(Beginning of Input)

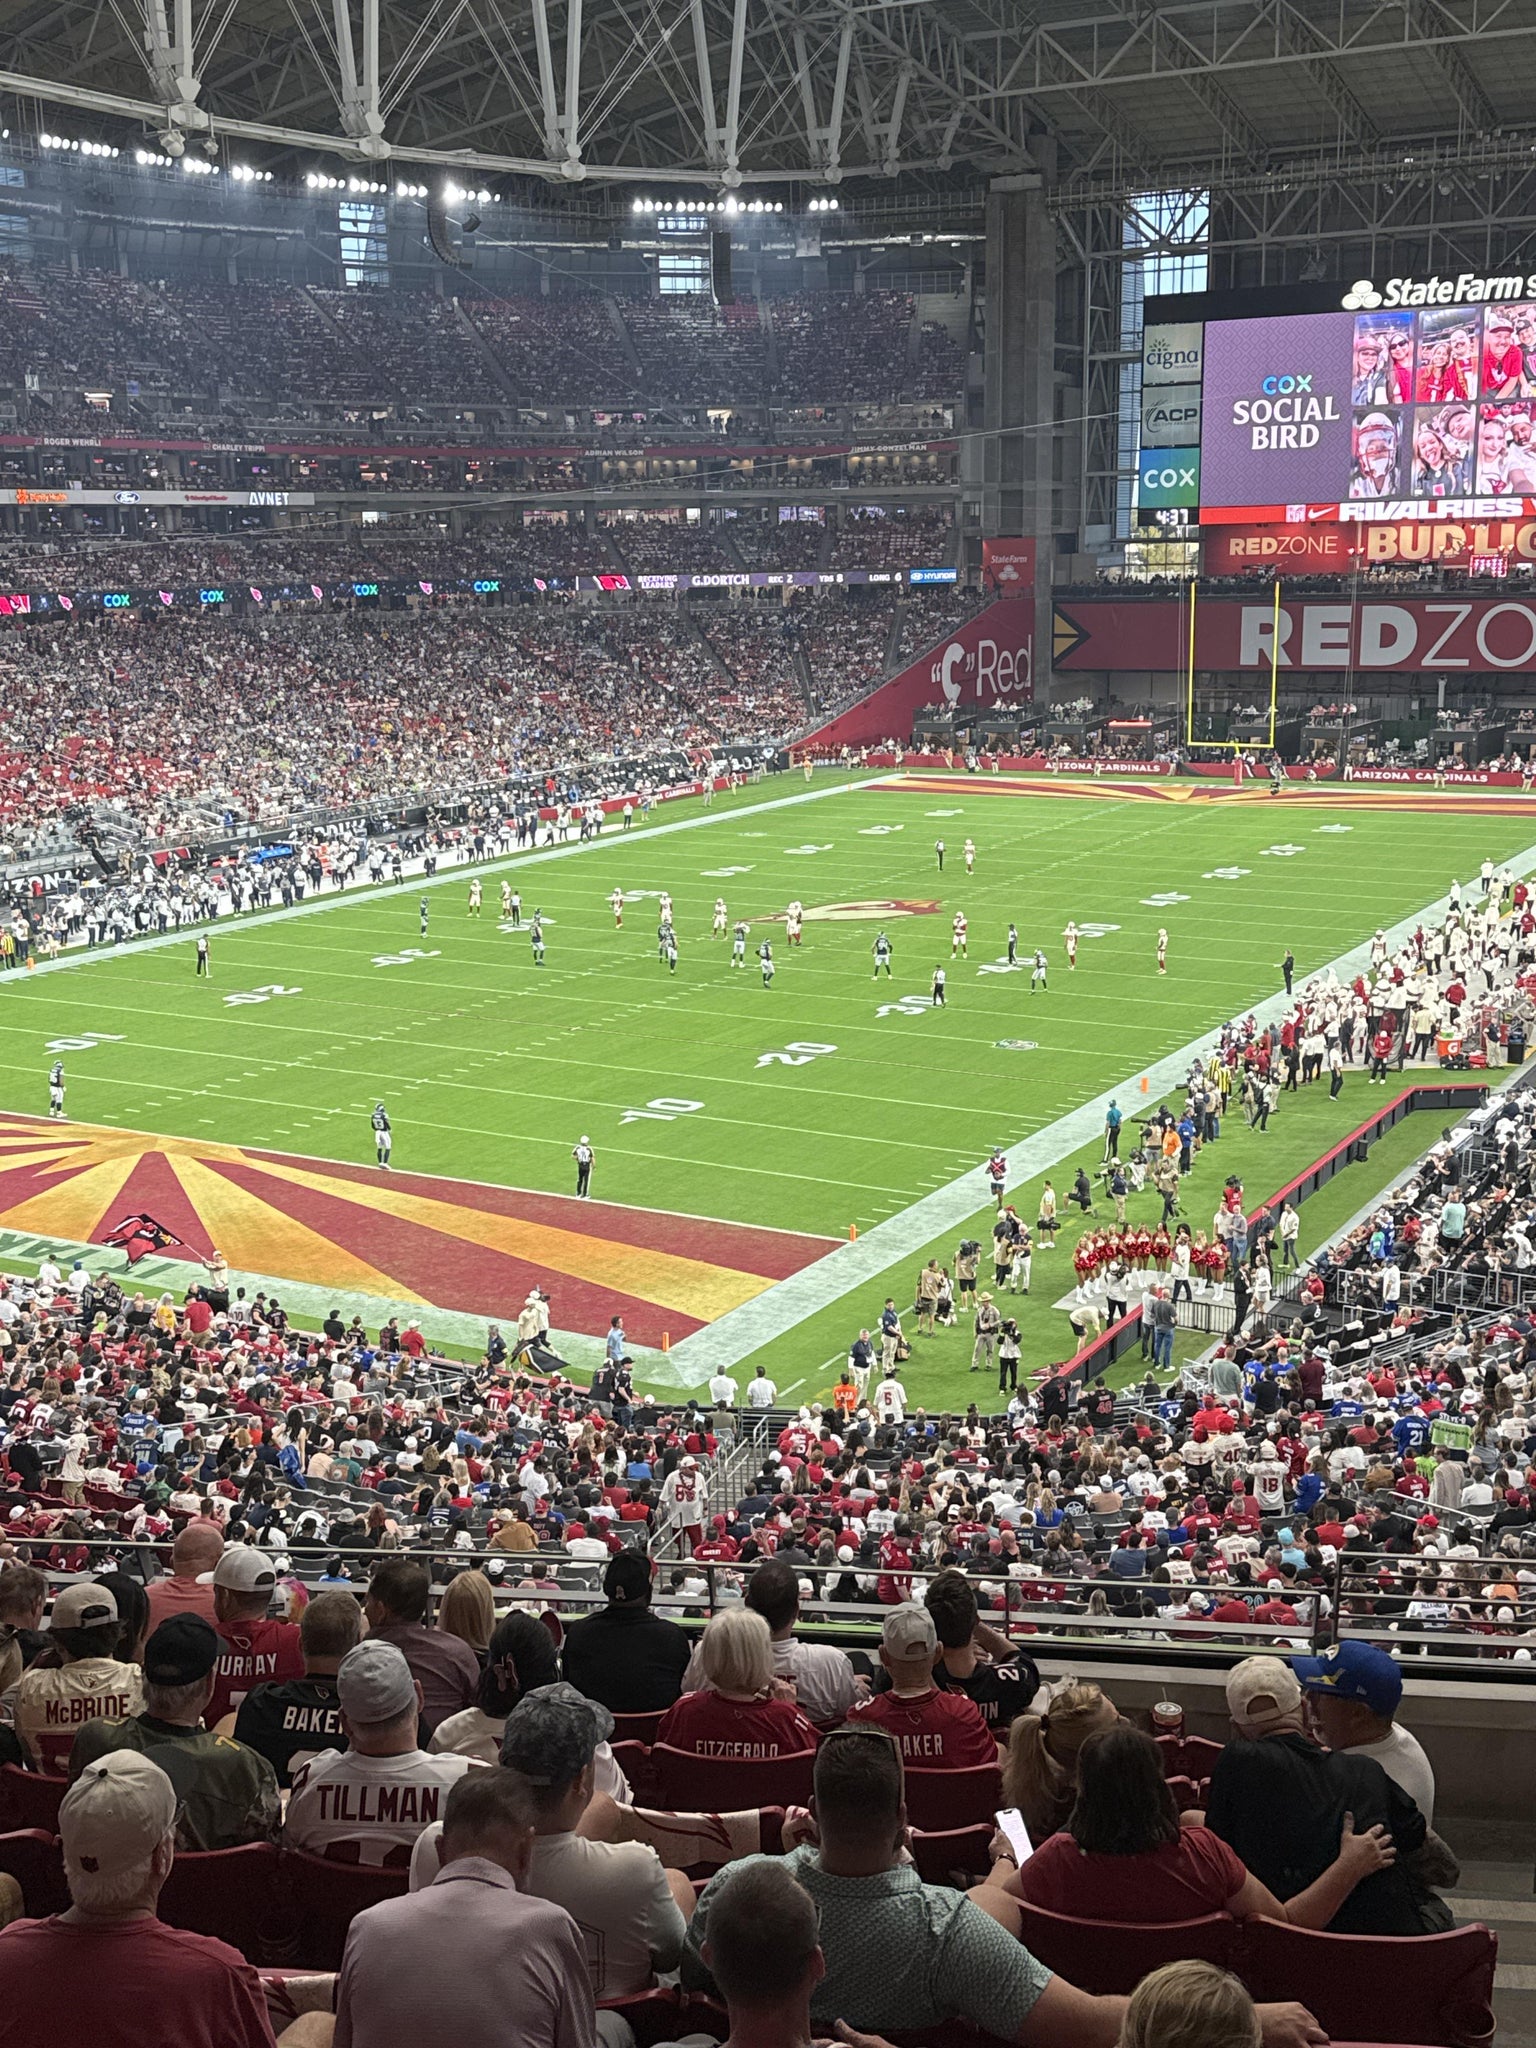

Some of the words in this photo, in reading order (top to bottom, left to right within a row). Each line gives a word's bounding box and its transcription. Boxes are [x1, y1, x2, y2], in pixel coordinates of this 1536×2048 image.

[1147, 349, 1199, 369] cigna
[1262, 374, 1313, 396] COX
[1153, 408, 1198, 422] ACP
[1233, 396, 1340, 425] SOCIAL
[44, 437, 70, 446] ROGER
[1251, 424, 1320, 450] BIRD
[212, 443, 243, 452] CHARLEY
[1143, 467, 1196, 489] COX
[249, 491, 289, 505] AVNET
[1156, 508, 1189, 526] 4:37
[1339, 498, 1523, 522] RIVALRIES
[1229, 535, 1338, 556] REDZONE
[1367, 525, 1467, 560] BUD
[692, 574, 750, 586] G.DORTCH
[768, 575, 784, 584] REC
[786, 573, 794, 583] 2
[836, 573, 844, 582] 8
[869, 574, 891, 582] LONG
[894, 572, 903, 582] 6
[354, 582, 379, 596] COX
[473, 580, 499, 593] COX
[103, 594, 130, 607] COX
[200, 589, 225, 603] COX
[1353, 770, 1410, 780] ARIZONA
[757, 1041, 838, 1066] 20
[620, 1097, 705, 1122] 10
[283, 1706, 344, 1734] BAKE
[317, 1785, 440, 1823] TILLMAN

(End of Input)

**What you should do**. Every entry above should be restated word for word, with the images left out.

**Expected output**.
Some of the words in this photo, in reading order (top to bottom, left to right within a row). Each line gives a word's bounding box and its transcription. Boxes are [x1, y1, x2, y2], in pixel coordinates of this 1536×2048 image.

[1147, 349, 1199, 369] cigna
[1262, 374, 1313, 396] COX
[1153, 408, 1198, 422] ACP
[1233, 396, 1340, 425] SOCIAL
[44, 437, 70, 446] ROGER
[1251, 424, 1320, 450] BIRD
[212, 443, 243, 452] CHARLEY
[1143, 467, 1196, 489] COX
[249, 491, 289, 505] AVNET
[1156, 508, 1189, 526] 4:37
[1339, 498, 1523, 522] RIVALRIES
[1229, 535, 1338, 556] REDZONE
[1367, 525, 1467, 560] BUD
[692, 574, 750, 586] G.DORTCH
[768, 575, 784, 584] REC
[786, 573, 794, 583] 2
[836, 573, 844, 582] 8
[869, 574, 891, 582] LONG
[894, 572, 903, 582] 6
[354, 582, 379, 596] COX
[473, 580, 499, 593] COX
[103, 594, 130, 607] COX
[200, 589, 225, 603] COX
[1353, 770, 1410, 780] ARIZONA
[757, 1041, 838, 1066] 20
[620, 1097, 705, 1122] 10
[283, 1706, 344, 1734] BAKE
[317, 1785, 440, 1823] TILLMAN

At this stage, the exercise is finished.